Free-text object descriptions:
○ ○ ○ ○
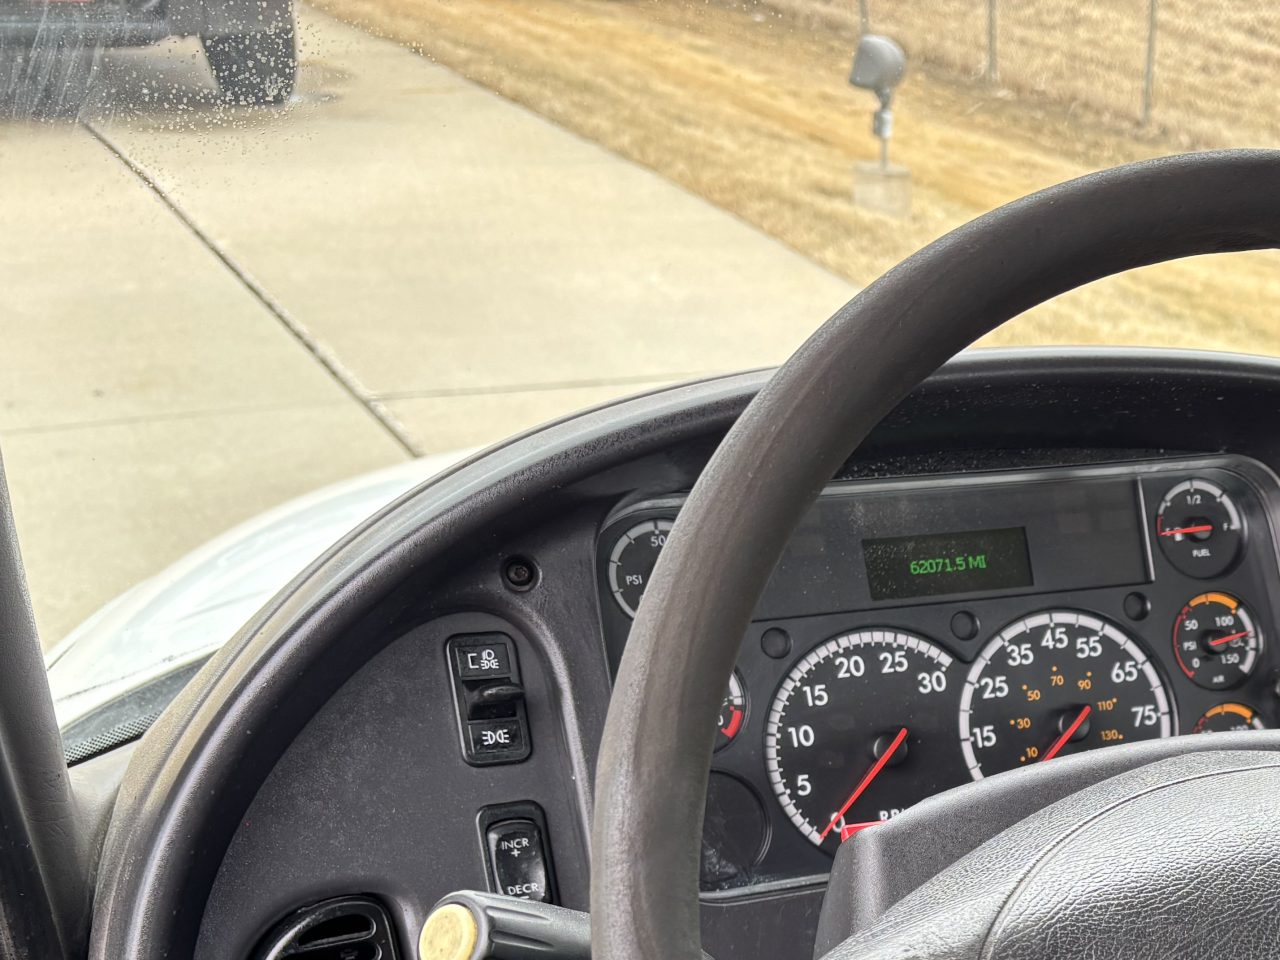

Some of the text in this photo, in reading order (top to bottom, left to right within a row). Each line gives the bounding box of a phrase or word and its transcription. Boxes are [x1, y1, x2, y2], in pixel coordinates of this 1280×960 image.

[1186, 495, 1202, 505] 1/2
[1192, 549, 1211, 557] FUEL
[910, 555, 987, 575] 62071.5 MI
[625, 574, 643, 585] PSI
[1184, 620, 1198, 631] 50
[1215, 616, 1234, 627] 100
[1041, 628, 1069, 649] 45
[1076, 636, 1103, 658] 55
[1183, 641, 1197, 651] PSI
[1006, 644, 1034, 666] 35
[1220, 653, 1240, 665] 150
[835, 655, 865, 679] 20
[880, 651, 908, 674] 25
[1192, 658, 1200, 668] 0
[1111, 661, 1139, 683] 65
[918, 671, 947, 694] 30
[1050, 675, 1064, 686] 70
[1077, 679, 1092, 690] 90
[1212, 675, 1225, 684] AIR
[980, 676, 1009, 699] 25
[803, 684, 829, 707] 15
[1027, 690, 1041, 701] 50
[1097, 700, 1114, 711] 110
[1131, 705, 1158, 727] 75
[1017, 717, 1031, 729] 30
[788, 725, 815, 748] 10
[972, 726, 997, 748] 15
[1101, 730, 1118, 741] 130
[1026, 747, 1039, 759] 10
[797, 775, 812, 796] 5
[830, 811, 846, 832] 0
[501, 838, 529, 850] INCR
[508, 883, 539, 895] DECR
○ ○ ○ ○
__Directions__. None of the images should be copied, but every entry must be given again exactly.

__Task result__.
Some of the text in this photo, in reading order (top to bottom, left to right within a row). Each line gives the bounding box of a phrase or word and its transcription. Boxes are [x1, y1, x2, y2], in pixel coordinates of this 1280×960 image.

[1186, 495, 1202, 505] 1/2
[1192, 549, 1211, 557] FUEL
[910, 555, 987, 575] 62071.5 MI
[625, 574, 643, 585] PSI
[1184, 620, 1198, 631] 50
[1215, 616, 1234, 627] 100
[1041, 628, 1069, 649] 45
[1076, 636, 1103, 658] 55
[1183, 641, 1197, 651] PSI
[1006, 644, 1034, 666] 35
[1220, 653, 1240, 665] 150
[835, 655, 865, 679] 20
[880, 651, 908, 674] 25
[1192, 658, 1200, 668] 0
[1111, 661, 1139, 683] 65
[918, 671, 947, 694] 30
[1050, 675, 1064, 686] 70
[1077, 679, 1092, 690] 90
[1212, 675, 1225, 684] AIR
[980, 676, 1009, 699] 25
[803, 684, 829, 707] 15
[1027, 690, 1041, 701] 50
[1097, 700, 1114, 711] 110
[1131, 705, 1158, 727] 75
[1017, 717, 1031, 729] 30
[788, 725, 815, 748] 10
[972, 726, 997, 748] 15
[1101, 730, 1118, 741] 130
[1026, 747, 1039, 759] 10
[797, 775, 812, 796] 5
[830, 811, 846, 832] 0
[501, 838, 529, 850] INCR
[508, 883, 539, 895] DECR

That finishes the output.